**RECORDS TO USE:**

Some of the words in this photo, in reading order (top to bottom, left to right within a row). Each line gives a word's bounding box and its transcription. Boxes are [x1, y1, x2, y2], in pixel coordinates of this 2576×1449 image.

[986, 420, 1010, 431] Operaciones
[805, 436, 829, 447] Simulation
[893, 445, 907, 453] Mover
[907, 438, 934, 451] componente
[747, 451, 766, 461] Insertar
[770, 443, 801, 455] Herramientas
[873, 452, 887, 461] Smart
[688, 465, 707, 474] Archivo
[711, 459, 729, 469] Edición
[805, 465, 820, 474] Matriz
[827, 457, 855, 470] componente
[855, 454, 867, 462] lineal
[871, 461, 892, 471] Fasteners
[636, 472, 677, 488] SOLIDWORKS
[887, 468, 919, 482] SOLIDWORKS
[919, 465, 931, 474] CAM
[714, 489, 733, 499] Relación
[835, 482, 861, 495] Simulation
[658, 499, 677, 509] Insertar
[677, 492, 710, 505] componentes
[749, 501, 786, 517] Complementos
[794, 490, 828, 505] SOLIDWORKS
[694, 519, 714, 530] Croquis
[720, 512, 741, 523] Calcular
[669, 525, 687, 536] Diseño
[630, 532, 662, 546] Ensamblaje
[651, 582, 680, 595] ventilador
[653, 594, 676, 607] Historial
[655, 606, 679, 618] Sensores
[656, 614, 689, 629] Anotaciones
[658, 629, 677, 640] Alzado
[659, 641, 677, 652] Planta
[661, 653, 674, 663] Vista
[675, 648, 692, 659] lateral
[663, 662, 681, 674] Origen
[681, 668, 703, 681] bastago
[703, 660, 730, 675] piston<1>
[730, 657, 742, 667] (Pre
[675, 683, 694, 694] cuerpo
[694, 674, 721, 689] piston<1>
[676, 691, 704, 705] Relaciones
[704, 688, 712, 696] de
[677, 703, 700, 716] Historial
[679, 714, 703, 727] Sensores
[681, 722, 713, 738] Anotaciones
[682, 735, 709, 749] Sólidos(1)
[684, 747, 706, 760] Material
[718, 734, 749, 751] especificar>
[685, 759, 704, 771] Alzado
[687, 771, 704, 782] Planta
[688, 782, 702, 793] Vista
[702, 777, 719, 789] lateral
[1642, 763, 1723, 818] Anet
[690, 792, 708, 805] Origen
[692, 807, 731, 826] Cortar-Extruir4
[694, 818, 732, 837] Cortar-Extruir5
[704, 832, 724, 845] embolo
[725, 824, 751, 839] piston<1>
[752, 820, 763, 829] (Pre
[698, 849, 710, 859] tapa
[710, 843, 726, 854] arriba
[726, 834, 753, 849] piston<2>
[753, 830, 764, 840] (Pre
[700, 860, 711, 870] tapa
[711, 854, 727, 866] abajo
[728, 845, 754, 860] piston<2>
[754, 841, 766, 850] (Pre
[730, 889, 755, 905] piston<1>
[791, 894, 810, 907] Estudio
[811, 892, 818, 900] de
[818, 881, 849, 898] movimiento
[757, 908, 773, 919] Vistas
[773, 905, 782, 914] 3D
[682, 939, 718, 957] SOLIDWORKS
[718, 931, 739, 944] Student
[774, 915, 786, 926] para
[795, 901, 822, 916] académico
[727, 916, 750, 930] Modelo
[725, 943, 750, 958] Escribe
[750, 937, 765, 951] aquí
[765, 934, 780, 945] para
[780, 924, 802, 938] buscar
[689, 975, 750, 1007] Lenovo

**WHAT NEEDS TO BE DONE:**
Retype all the material above precisely, with no line left out.

**EXERCISE RESPONSE:**
Some of the words in this photo, in reading order (top to bottom, left to right within a row). Each line gives a word's bounding box and its transcription. Boxes are [x1, y1, x2, y2], in pixel coordinates of this 2576×1449 image.

[986, 420, 1010, 431] Operaciones
[805, 436, 829, 447] Simulation
[893, 445, 907, 453] Mover
[907, 438, 934, 451] componente
[747, 451, 766, 461] Insertar
[770, 443, 801, 455] Herramientas
[873, 452, 887, 461] Smart
[688, 465, 707, 474] Archivo
[711, 459, 729, 469] Edición
[805, 465, 820, 474] Matriz
[827, 457, 855, 470] componente
[855, 454, 867, 462] lineal
[871, 461, 892, 471] Fasteners
[636, 472, 677, 488] SOLIDWORKS
[887, 468, 919, 482] SOLIDWORKS
[919, 465, 931, 474] CAM
[714, 489, 733, 499] Relación
[835, 482, 861, 495] Simulation
[658, 499, 677, 509] Insertar
[677, 492, 710, 505] componentes
[749, 501, 786, 517] Complementos
[794, 490, 828, 505] SOLIDWORKS
[694, 519, 714, 530] Croquis
[720, 512, 741, 523] Calcular
[669, 525, 687, 536] Diseño
[630, 532, 662, 546] Ensamblaje
[651, 582, 680, 595] ventilador
[653, 594, 676, 607] Historial
[655, 606, 679, 618] Sensores
[656, 614, 689, 629] Anotaciones
[658, 629, 677, 640] Alzado
[659, 641, 677, 652] Planta
[661, 653, 674, 663] Vista
[675, 648, 692, 659] lateral
[663, 662, 681, 674] Origen
[681, 668, 703, 681] bastago
[703, 660, 730, 675] piston<1>
[730, 657, 742, 667] (Pre
[675, 683, 694, 694] cuerpo
[694, 674, 721, 689] piston<1>
[676, 691, 704, 705] Relaciones
[704, 688, 712, 696] de
[677, 703, 700, 716] Historial
[679, 714, 703, 727] Sensores
[681, 722, 713, 738] Anotaciones
[682, 735, 709, 749] Sólidos(1)
[684, 747, 706, 760] Material
[718, 734, 749, 751] especificar>
[685, 759, 704, 771] Alzado
[687, 771, 704, 782] Planta
[688, 782, 702, 793] Vista
[702, 777, 719, 789] lateral
[1642, 763, 1723, 818] Anet
[690, 792, 708, 805] Origen
[692, 807, 731, 826] Cortar-Extruir4
[694, 818, 732, 837] Cortar-Extruir5
[704, 832, 724, 845] embolo
[725, 824, 751, 839] piston<1>
[752, 820, 763, 829] (Pre
[698, 849, 710, 859] tapa
[710, 843, 726, 854] arriba
[726, 834, 753, 849] piston<2>
[753, 830, 764, 840] (Pre
[700, 860, 711, 870] tapa
[711, 854, 727, 866] abajo
[728, 845, 754, 860] piston<2>
[754, 841, 766, 850] (Pre
[730, 889, 755, 905] piston<1>
[791, 894, 810, 907] Estudio
[811, 892, 818, 900] de
[818, 881, 849, 898] movimiento
[757, 908, 773, 919] Vistas
[773, 905, 782, 914] 3D
[682, 939, 718, 957] SOLIDWORKS
[718, 931, 739, 944] Student
[774, 915, 786, 926] para
[795, 901, 822, 916] académico
[727, 916, 750, 930] Modelo
[725, 943, 750, 958] Escribe
[750, 937, 765, 951] aquí
[765, 934, 780, 945] para
[780, 924, 802, 938] buscar
[689, 975, 750, 1007] Lenovo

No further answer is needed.